The answer should match the entries that follow exactly, except that no image appears in it.

** Opening Records provided block **

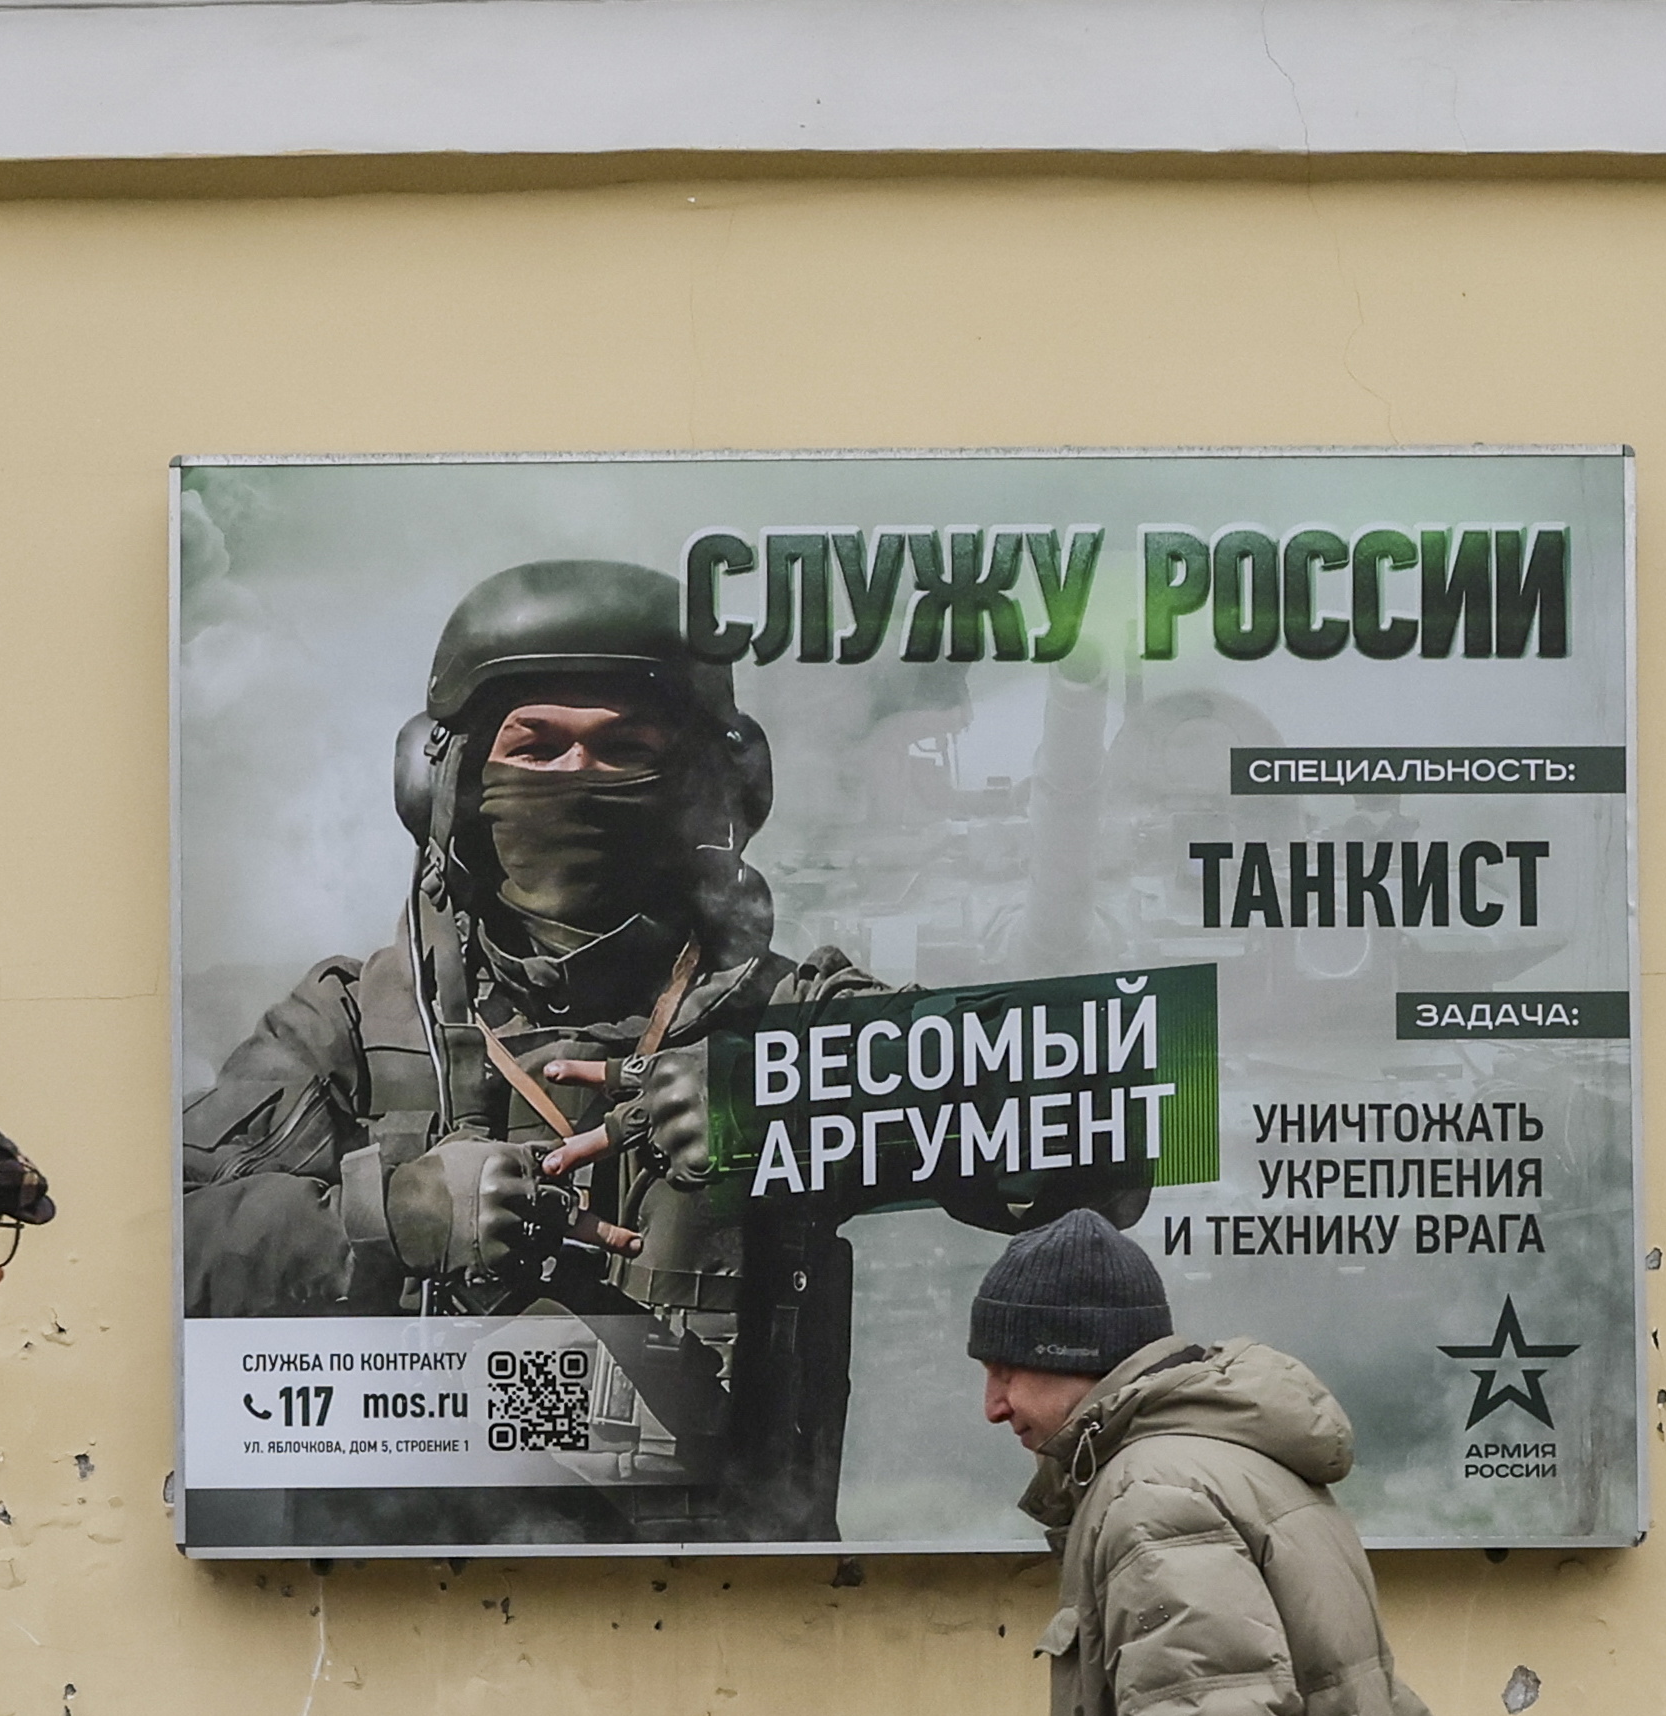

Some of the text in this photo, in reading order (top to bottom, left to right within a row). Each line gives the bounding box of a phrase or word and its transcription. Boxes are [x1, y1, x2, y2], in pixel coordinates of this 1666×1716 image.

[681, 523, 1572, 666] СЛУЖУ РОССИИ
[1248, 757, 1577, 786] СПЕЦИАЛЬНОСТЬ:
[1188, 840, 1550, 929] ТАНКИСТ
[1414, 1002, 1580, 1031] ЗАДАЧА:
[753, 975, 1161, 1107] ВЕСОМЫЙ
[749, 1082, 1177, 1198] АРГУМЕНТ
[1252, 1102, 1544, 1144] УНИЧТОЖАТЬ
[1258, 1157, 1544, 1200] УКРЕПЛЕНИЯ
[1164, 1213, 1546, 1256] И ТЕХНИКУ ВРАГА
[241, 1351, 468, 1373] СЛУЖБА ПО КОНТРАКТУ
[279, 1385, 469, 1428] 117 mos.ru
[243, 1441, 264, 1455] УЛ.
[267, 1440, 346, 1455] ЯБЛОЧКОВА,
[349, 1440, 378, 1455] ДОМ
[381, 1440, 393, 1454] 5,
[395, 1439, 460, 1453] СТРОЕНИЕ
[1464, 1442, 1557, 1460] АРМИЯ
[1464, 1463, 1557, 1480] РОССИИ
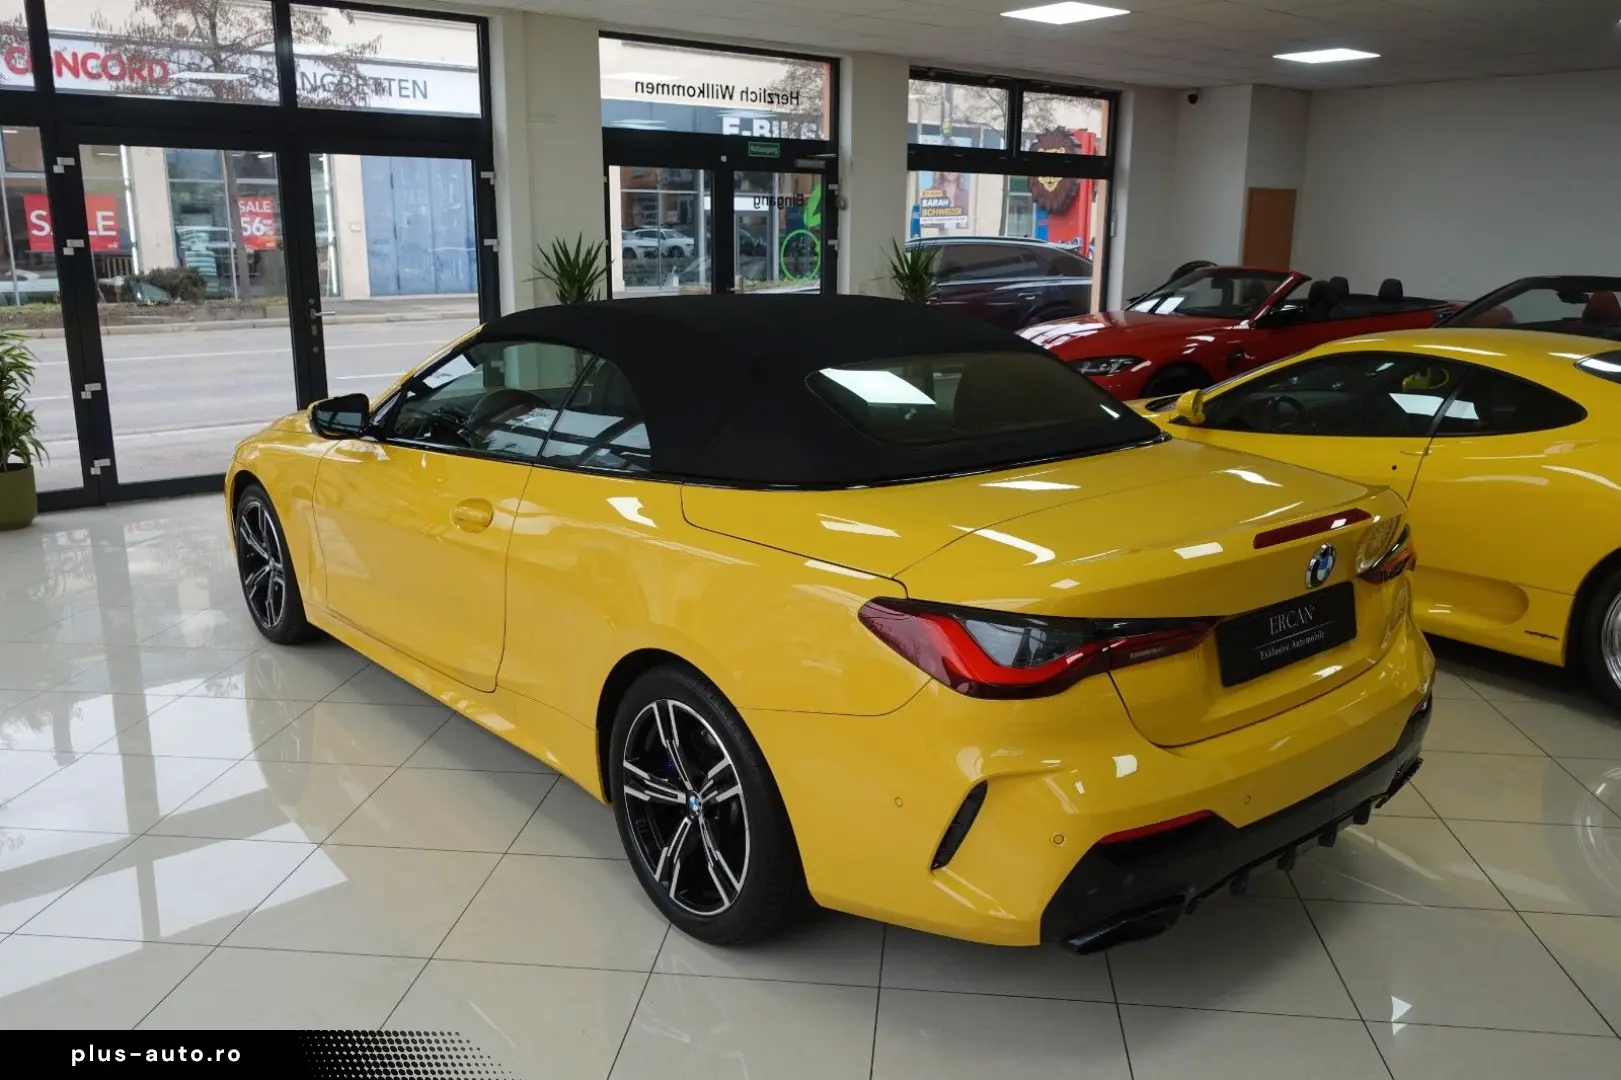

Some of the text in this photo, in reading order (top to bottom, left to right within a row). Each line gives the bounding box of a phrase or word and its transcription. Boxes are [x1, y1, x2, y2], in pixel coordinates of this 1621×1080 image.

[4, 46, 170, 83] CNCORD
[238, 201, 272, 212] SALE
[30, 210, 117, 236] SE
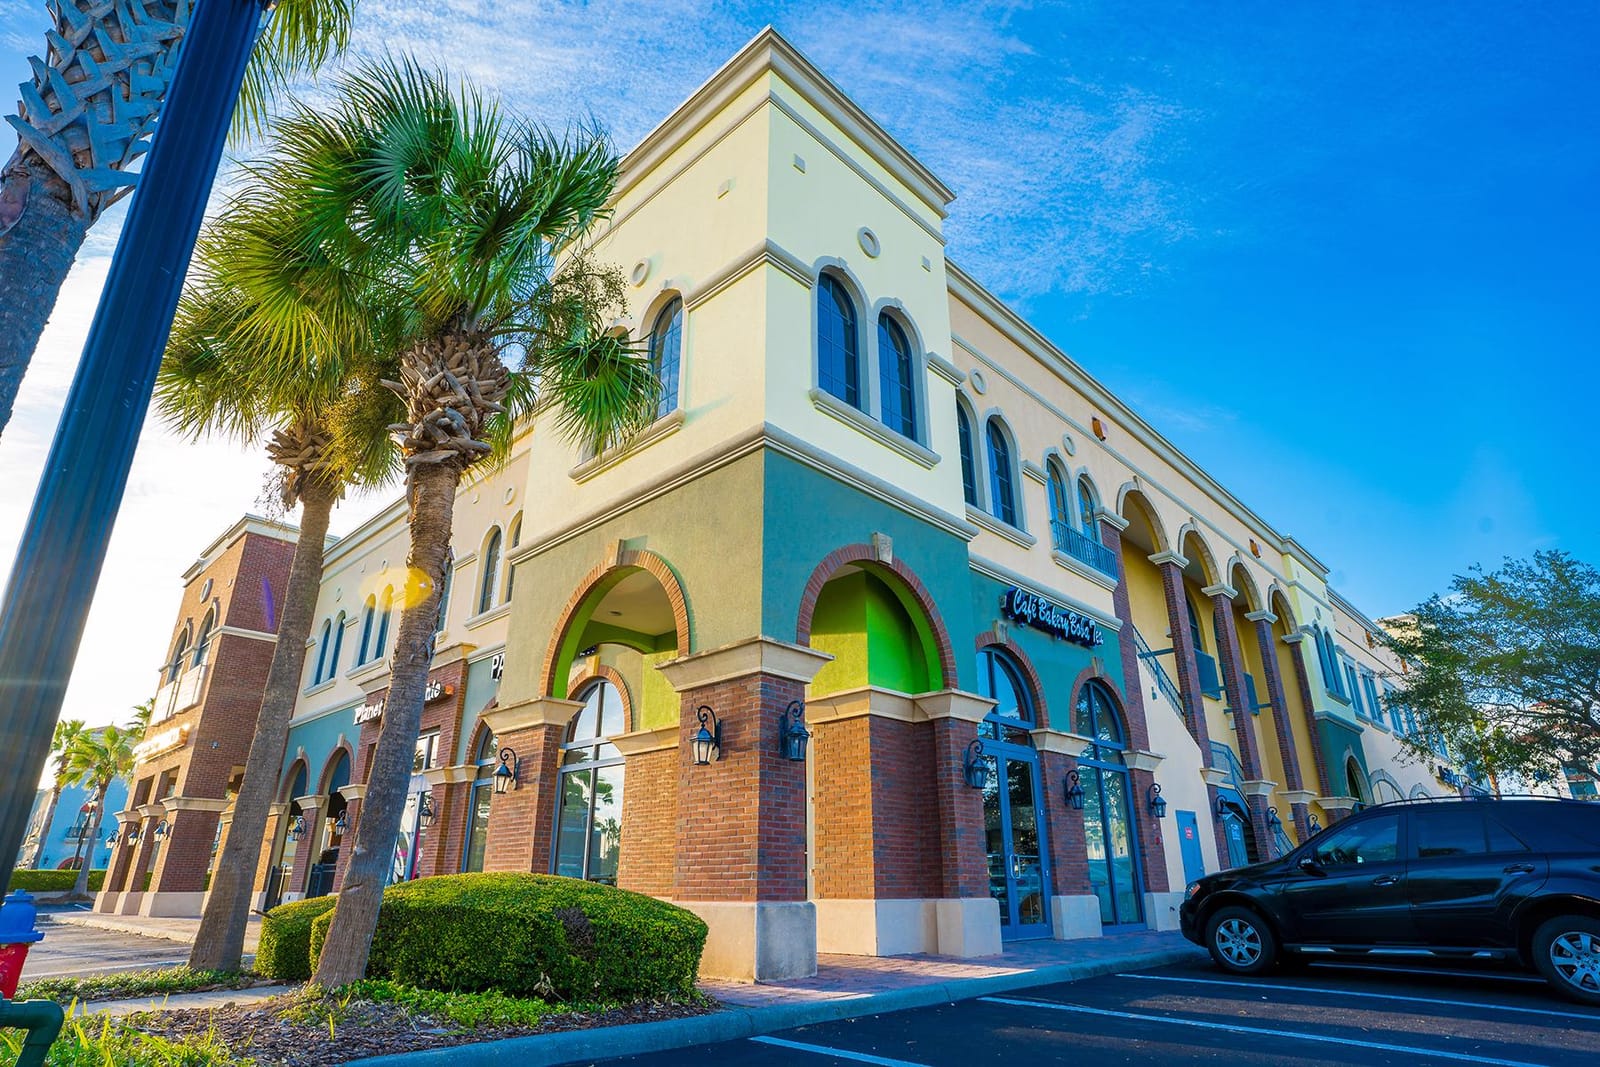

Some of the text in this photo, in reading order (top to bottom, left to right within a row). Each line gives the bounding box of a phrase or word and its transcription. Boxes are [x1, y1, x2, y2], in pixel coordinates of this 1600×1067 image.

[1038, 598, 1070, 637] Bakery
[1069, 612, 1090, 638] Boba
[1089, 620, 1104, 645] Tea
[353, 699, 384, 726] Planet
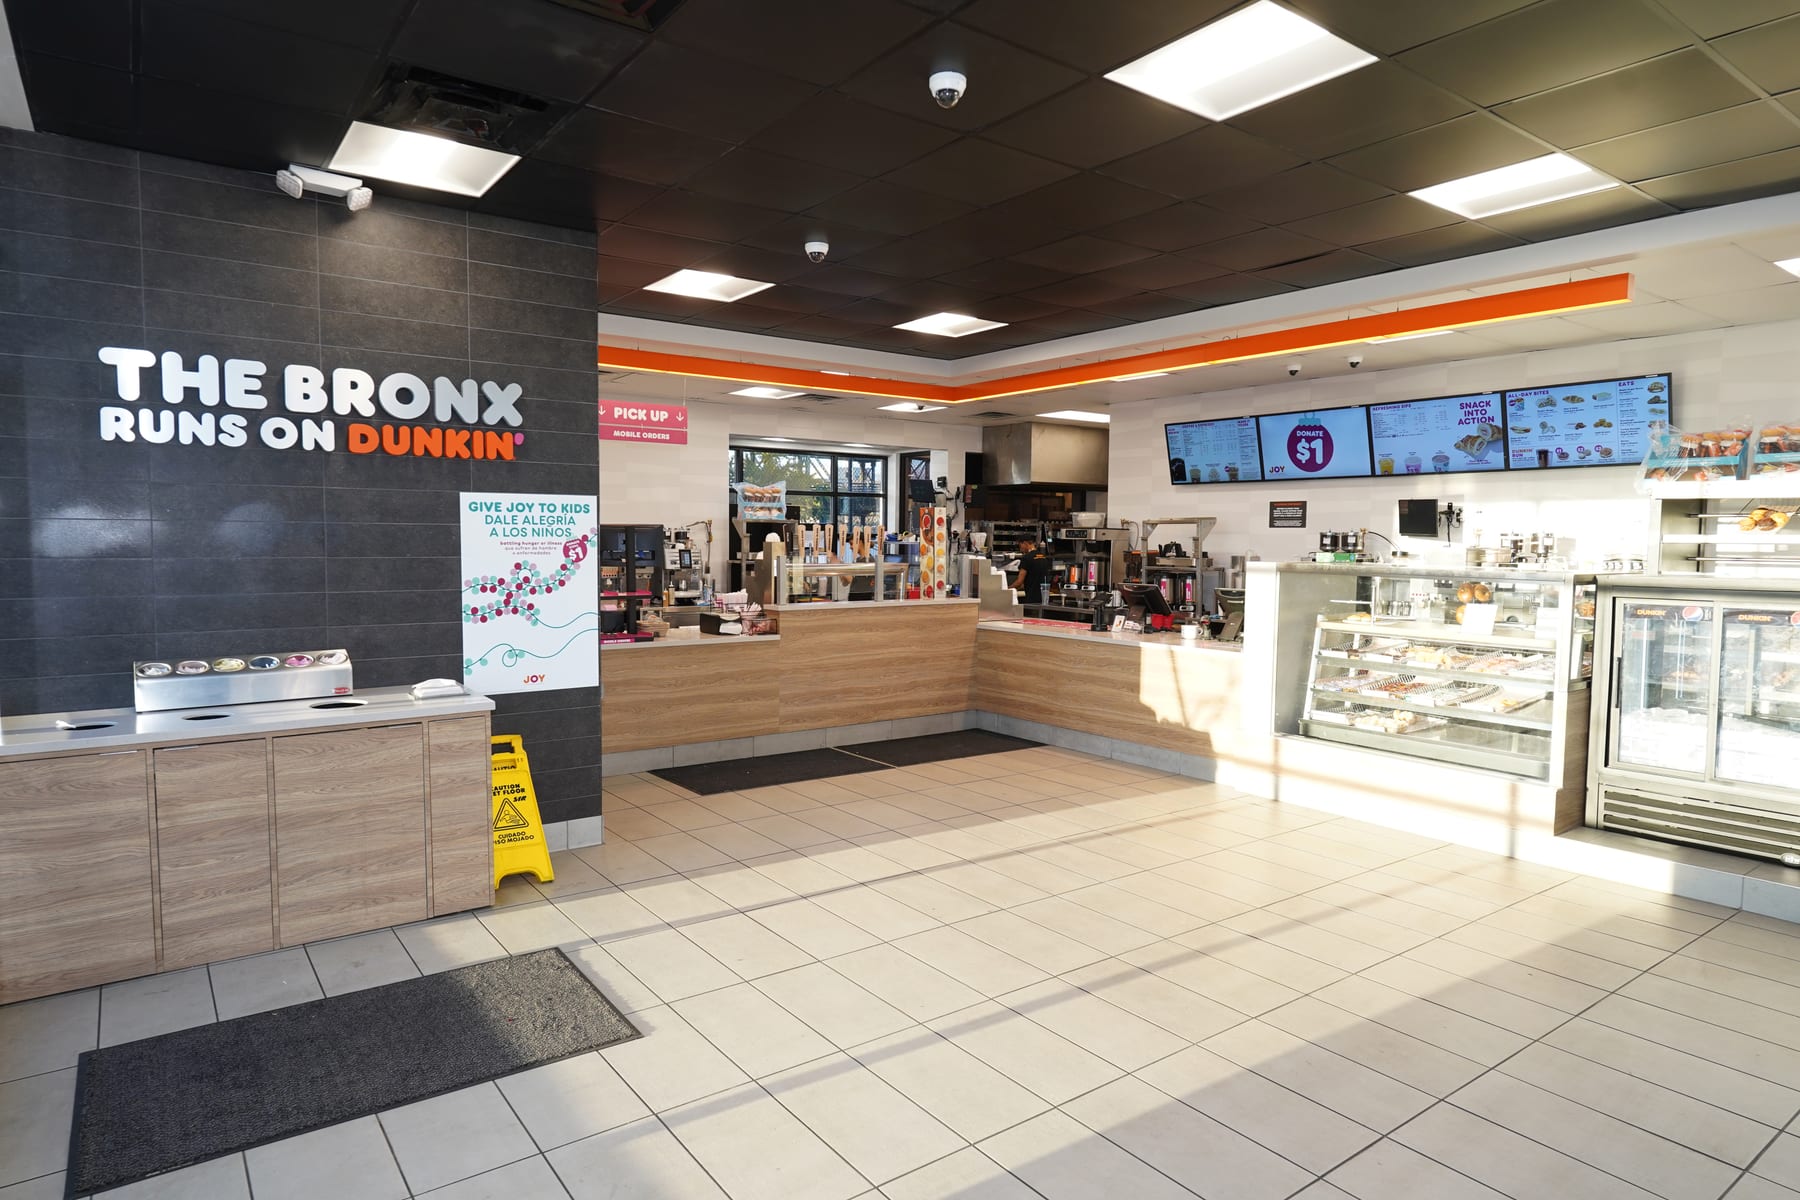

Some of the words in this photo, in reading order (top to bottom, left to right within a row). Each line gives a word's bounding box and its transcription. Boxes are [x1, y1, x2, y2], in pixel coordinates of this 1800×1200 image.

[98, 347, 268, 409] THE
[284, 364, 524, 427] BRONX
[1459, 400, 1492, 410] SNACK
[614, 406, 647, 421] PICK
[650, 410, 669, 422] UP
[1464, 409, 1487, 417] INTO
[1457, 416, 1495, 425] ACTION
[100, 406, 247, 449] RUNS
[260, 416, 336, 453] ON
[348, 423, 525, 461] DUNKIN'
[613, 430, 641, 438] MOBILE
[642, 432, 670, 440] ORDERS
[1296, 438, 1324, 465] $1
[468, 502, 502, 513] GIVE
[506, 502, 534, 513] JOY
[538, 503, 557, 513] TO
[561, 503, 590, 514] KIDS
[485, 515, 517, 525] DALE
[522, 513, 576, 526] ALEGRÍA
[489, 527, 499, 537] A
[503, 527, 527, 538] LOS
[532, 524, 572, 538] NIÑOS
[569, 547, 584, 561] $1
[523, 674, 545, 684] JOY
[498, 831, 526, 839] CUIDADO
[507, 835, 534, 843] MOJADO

** Closing Records provided block **

- [Result]
Some of the text in this photo, in reading order (top to bottom, left to right within a row). Each line gives the bounding box of a phrase or word and its transcription. Boxes are [x1, y1, x2, y2], in pixel coordinates of this 1666×1716 image.

[681, 523, 1572, 666] СЛУЖУ РОССИИ
[1248, 757, 1577, 786] СПЕЦИАЛЬНОСТЬ:
[1188, 840, 1550, 929] ТАНКИСТ
[1414, 1002, 1580, 1031] ЗАДАЧА:
[753, 975, 1161, 1107] ВЕСОМЫЙ
[749, 1082, 1177, 1198] АРГУМЕНТ
[1252, 1102, 1544, 1144] УНИЧТОЖАТЬ
[1258, 1157, 1544, 1200] УКРЕПЛЕНИЯ
[1164, 1213, 1546, 1256] И ТЕХНИКУ ВРАГА
[241, 1351, 468, 1373] СЛУЖБА ПО КОНТРАКТУ
[279, 1385, 469, 1428] 117 mos.ru
[243, 1441, 264, 1455] УЛ.
[267, 1440, 346, 1455] ЯБЛОЧКОВА,
[349, 1440, 378, 1455] ДОМ
[381, 1440, 393, 1454] 5,
[395, 1439, 460, 1453] СТРОЕНИЕ
[1464, 1442, 1557, 1460] АРМИЯ
[1464, 1463, 1557, 1480] РОССИИ

Some of the text in this photo, in reading order (top to bottom, left to right within a row). Each line gives the bounding box of a phrase or word and its transcription. Boxes are [x1, y1, x2, y2], in pixel coordinates of this 1621×1080 image.

[4, 46, 170, 83] CNCORD
[238, 201, 272, 212] SALE
[30, 210, 117, 236] SE

Some of the text in this photo, in reading order (top to bottom, left to right within a row). Each line gives the bounding box of a phrase or word and its transcription. Boxes are [x1, y1, x2, y2], in pixel coordinates of this 1600×1067 image.

[1038, 598, 1070, 637] Bakery
[1069, 612, 1090, 638] Boba
[1089, 620, 1104, 645] Tea
[353, 699, 384, 726] Planet

Some of the words in this photo, in reading order (top to bottom, left to right within a row). Each line gives a word's bounding box and its transcription. Boxes are [x1, y1, x2, y2], in pixel coordinates of this 1800×1200 image.

[98, 347, 268, 409] THE
[284, 364, 524, 427] BRONX
[1459, 400, 1492, 410] SNACK
[614, 406, 647, 421] PICK
[650, 410, 669, 422] UP
[1464, 409, 1487, 417] INTO
[1457, 416, 1495, 425] ACTION
[100, 406, 247, 449] RUNS
[260, 416, 336, 453] ON
[348, 423, 525, 461] DUNKIN'
[613, 430, 641, 438] MOBILE
[642, 432, 670, 440] ORDERS
[1296, 438, 1324, 465] $1
[468, 502, 502, 513] GIVE
[506, 502, 534, 513] JOY
[538, 503, 557, 513] TO
[561, 503, 590, 514] KIDS
[485, 515, 517, 525] DALE
[522, 513, 576, 526] ALEGRÍA
[489, 527, 499, 537] A
[503, 527, 527, 538] LOS
[532, 524, 572, 538] NIÑOS
[569, 547, 584, 561] $1
[523, 674, 545, 684] JOY
[498, 831, 526, 839] CUIDADO
[507, 835, 534, 843] MOJADO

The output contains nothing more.